Images for object localization:
********

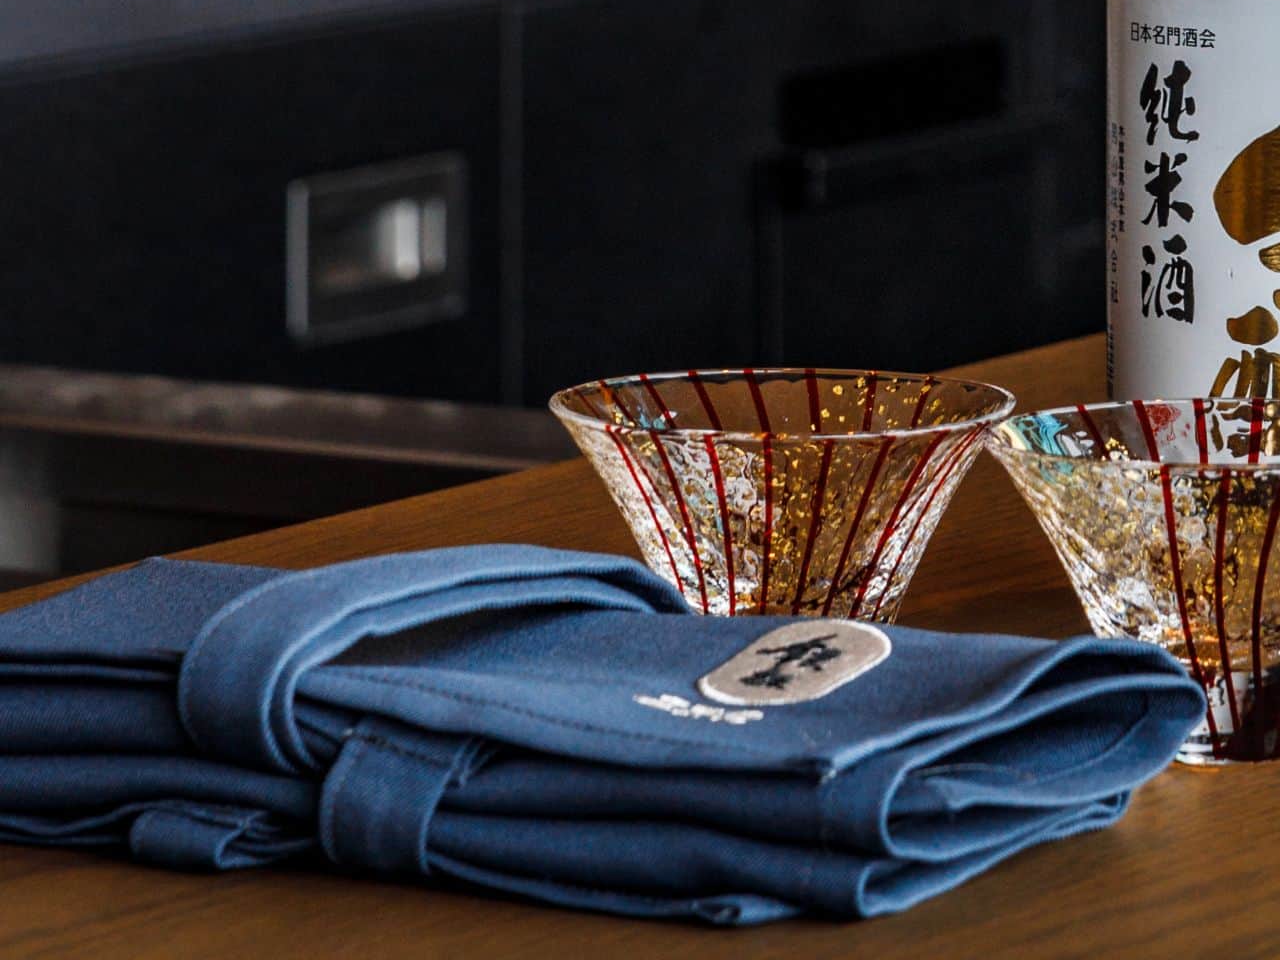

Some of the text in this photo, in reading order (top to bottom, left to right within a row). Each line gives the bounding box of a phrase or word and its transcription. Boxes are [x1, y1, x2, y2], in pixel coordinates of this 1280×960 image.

[1130, 21, 1216, 49] 日本名門酒会
[1140, 60, 1200, 324] 純米酒
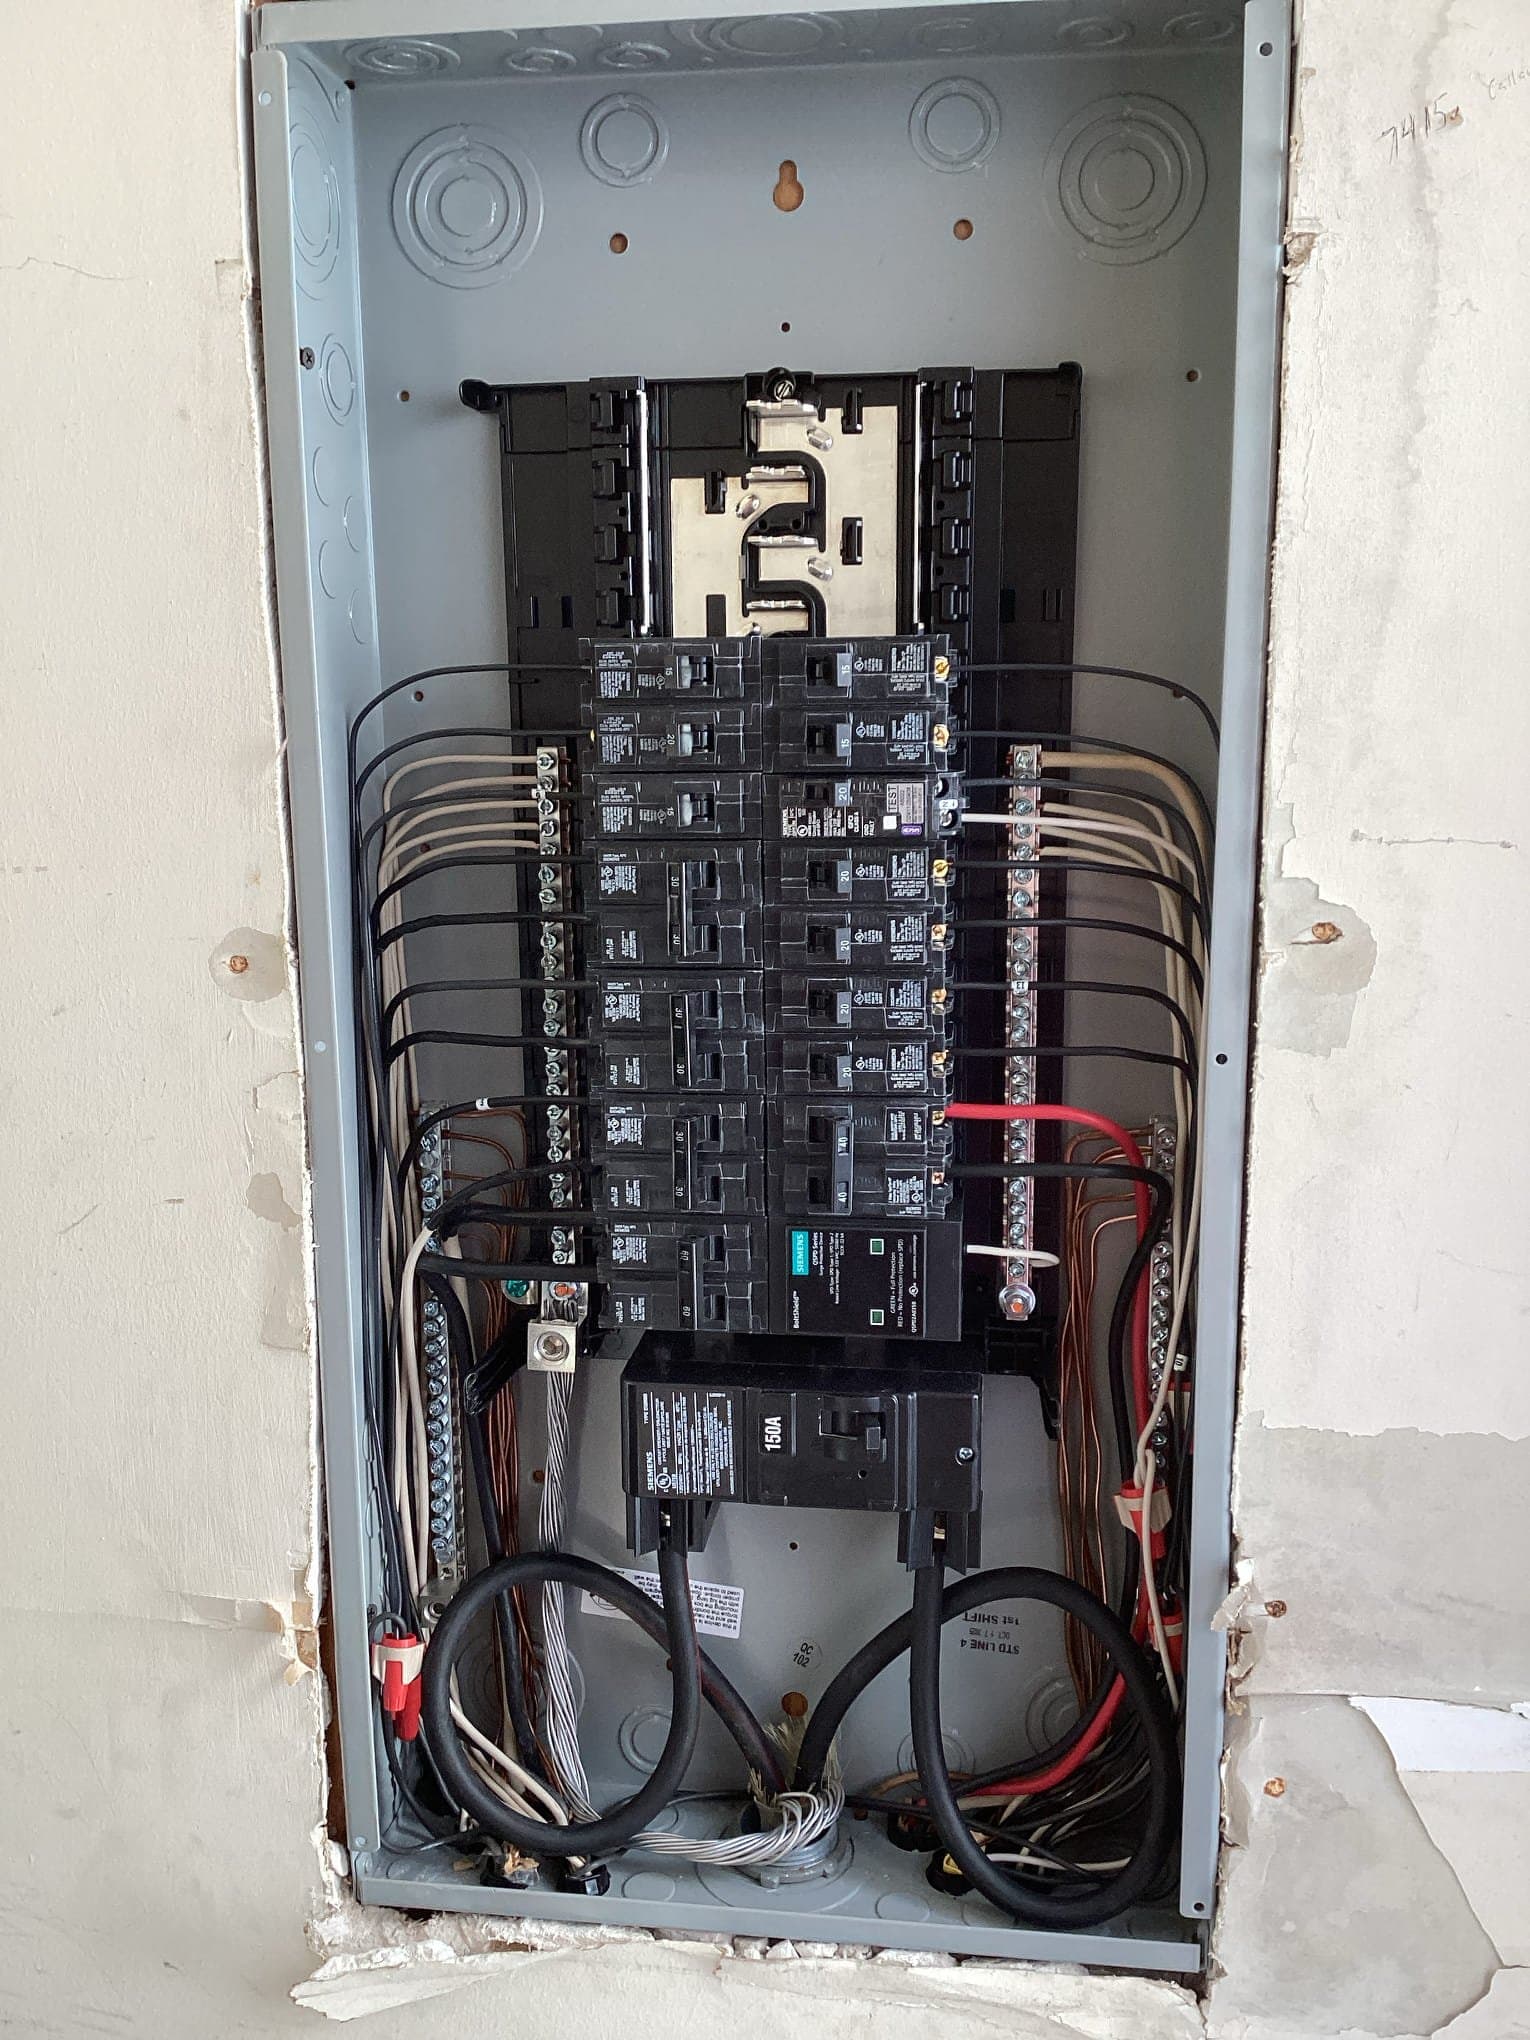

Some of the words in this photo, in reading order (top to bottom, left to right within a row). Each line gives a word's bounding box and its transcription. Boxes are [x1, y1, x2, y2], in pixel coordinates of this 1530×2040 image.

[666, 667, 674, 676] 15
[840, 664, 850, 675] 15
[667, 734, 675, 745] 20
[841, 738, 850, 749] 15
[838, 787, 848, 801] 20
[888, 786, 897, 812] TEST
[667, 806, 675, 816] 15
[671, 876, 680, 887] 30
[840, 870, 850, 882] 20
[840, 940, 850, 951] 20
[840, 1003, 850, 1014] 20
[676, 1063, 685, 1074] 30
[842, 1067, 852, 1078] 20
[675, 1131, 684, 1141] 30
[838, 1137, 848, 1148] 40
[675, 1186, 684, 1197] 30
[838, 1192, 847, 1203] 40
[796, 1233, 805, 1273] SIEMENS
[764, 1416, 782, 1451] 150A
[646, 1452, 654, 1490] SIEMENS
[962, 1613, 998, 1625] SHIFT
[1002, 1616, 1019, 1625] 1st
[800, 1642, 814, 1655] QC
[960, 1639, 967, 1648] 4
[970, 1639, 995, 1651] LINE
[999, 1643, 1020, 1655] STD
[793, 1652, 810, 1668] 102
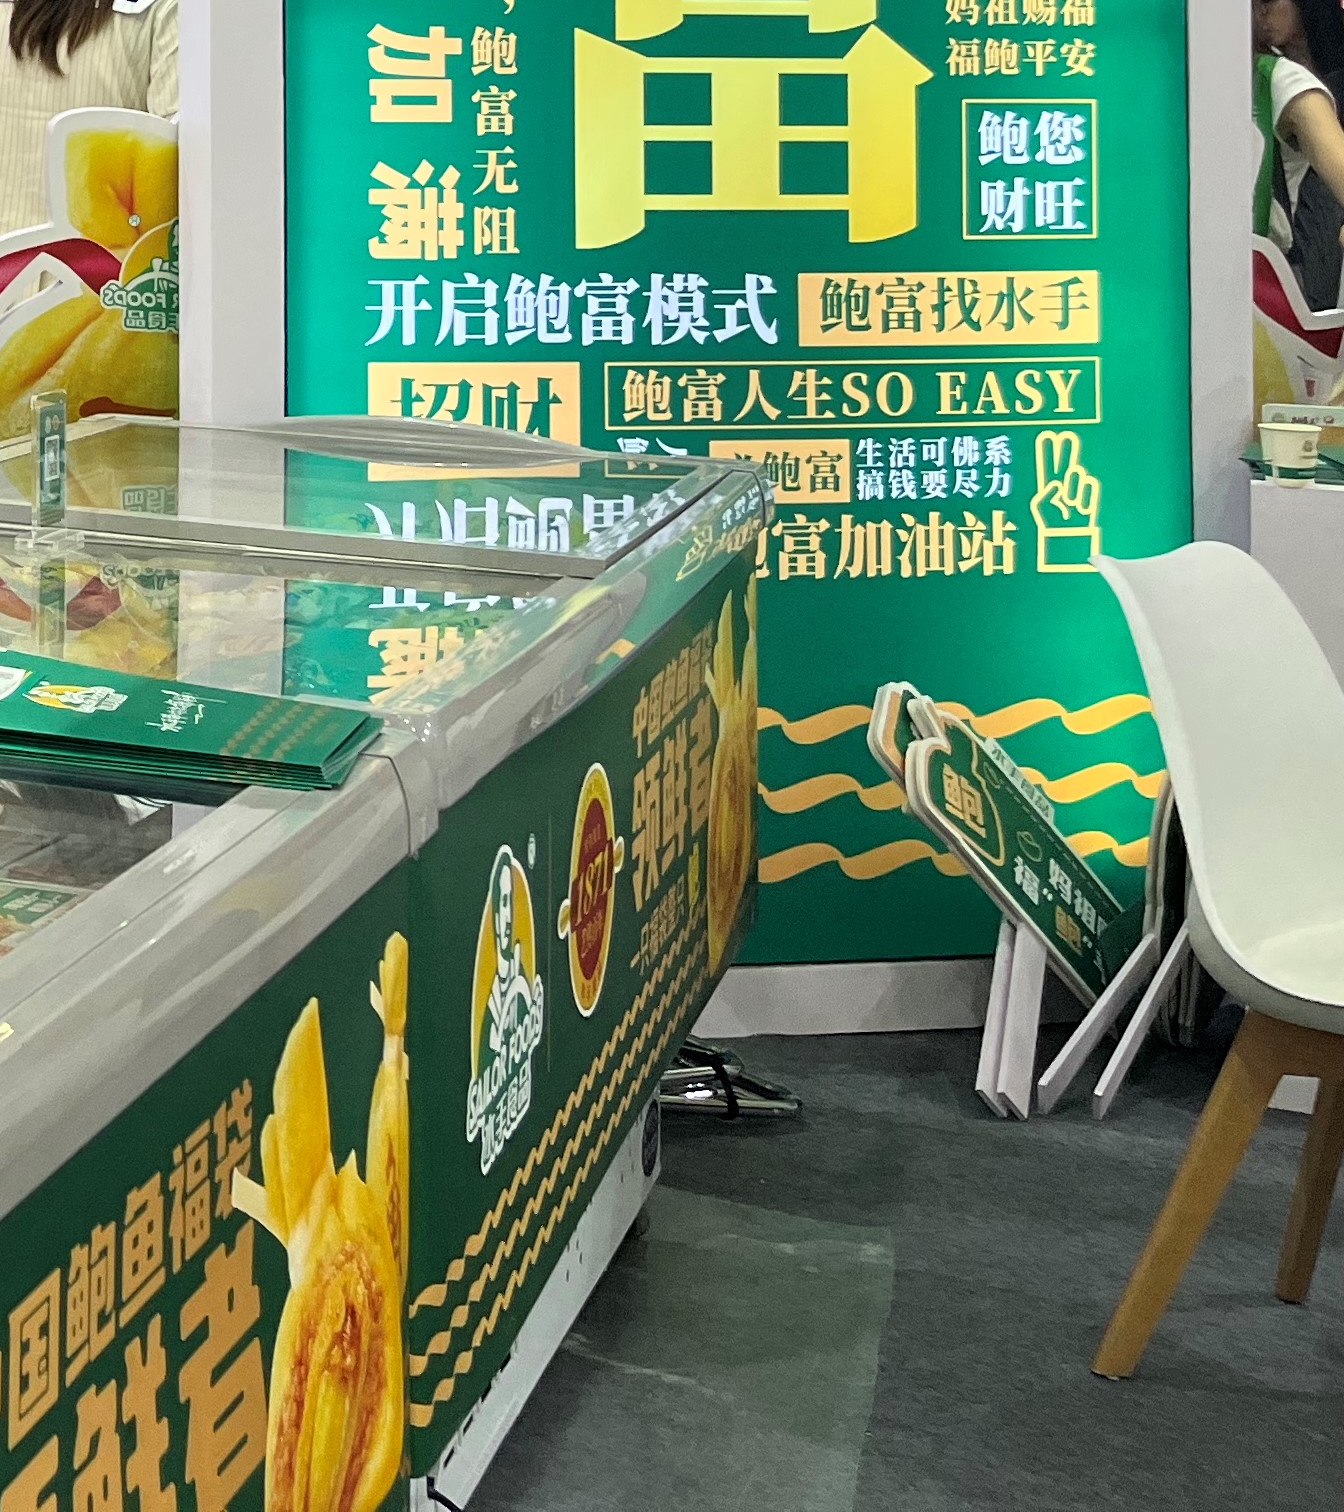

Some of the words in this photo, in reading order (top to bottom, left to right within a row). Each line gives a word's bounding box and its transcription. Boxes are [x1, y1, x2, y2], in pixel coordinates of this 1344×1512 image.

[944, 39, 1096, 79] 福鲍平安
[976, 109, 1087, 167] 鲍您
[977, 179, 1087, 234] 财旺
[365, 271, 779, 348] 开启鲍富模式
[818, 275, 1091, 335] 鲍富找水手
[855, 435, 1012, 469] 生活可佛系
[855, 467, 1012, 501] 搞钱要尽力

********

● Instructions for the task
The response should repeat every entry above exactly and include none of the pictures.

● Answer to the exercise
Some of the text in this photo, in reading order (top to bottom, left to right within a row). Each line gives the bounding box of a phrase or word and its transcription. Boxes are [x1, y1, x2, y2], in pixel coordinates of this 1280×960 image.

[1130, 21, 1216, 49] 日本名門酒会
[1140, 60, 1200, 324] 純米酒

Some of the words in this photo, in reading order (top to bottom, left to right within a row). Each line gives a word's bounding box and its transcription. Boxes are [x1, y1, x2, y2], in pixel coordinates of this 1530×2040 image.

[666, 667, 674, 676] 15
[840, 664, 850, 675] 15
[667, 734, 675, 745] 20
[841, 738, 850, 749] 15
[838, 787, 848, 801] 20
[888, 786, 897, 812] TEST
[667, 806, 675, 816] 15
[671, 876, 680, 887] 30
[840, 870, 850, 882] 20
[840, 940, 850, 951] 20
[840, 1003, 850, 1014] 20
[676, 1063, 685, 1074] 30
[842, 1067, 852, 1078] 20
[675, 1131, 684, 1141] 30
[838, 1137, 848, 1148] 40
[675, 1186, 684, 1197] 30
[838, 1192, 847, 1203] 40
[796, 1233, 805, 1273] SIEMENS
[764, 1416, 782, 1451] 150A
[646, 1452, 654, 1490] SIEMENS
[962, 1613, 998, 1625] SHIFT
[1002, 1616, 1019, 1625] 1st
[800, 1642, 814, 1655] QC
[960, 1639, 967, 1648] 4
[970, 1639, 995, 1651] LINE
[999, 1643, 1020, 1655] STD
[793, 1652, 810, 1668] 102

Some of the words in this photo, in reading order (top to bottom, left to right within a row). Each line gives a word's bounding box and its transcription. Boxes are [x1, y1, x2, y2], in pixel coordinates of this 1344×1512 image.

[944, 39, 1096, 79] 福鲍平安
[976, 109, 1087, 167] 鲍您
[977, 179, 1087, 234] 财旺
[365, 271, 779, 348] 开启鲍富模式
[818, 275, 1091, 335] 鲍富找水手
[855, 435, 1012, 469] 生活可佛系
[855, 467, 1012, 501] 搞钱要尽力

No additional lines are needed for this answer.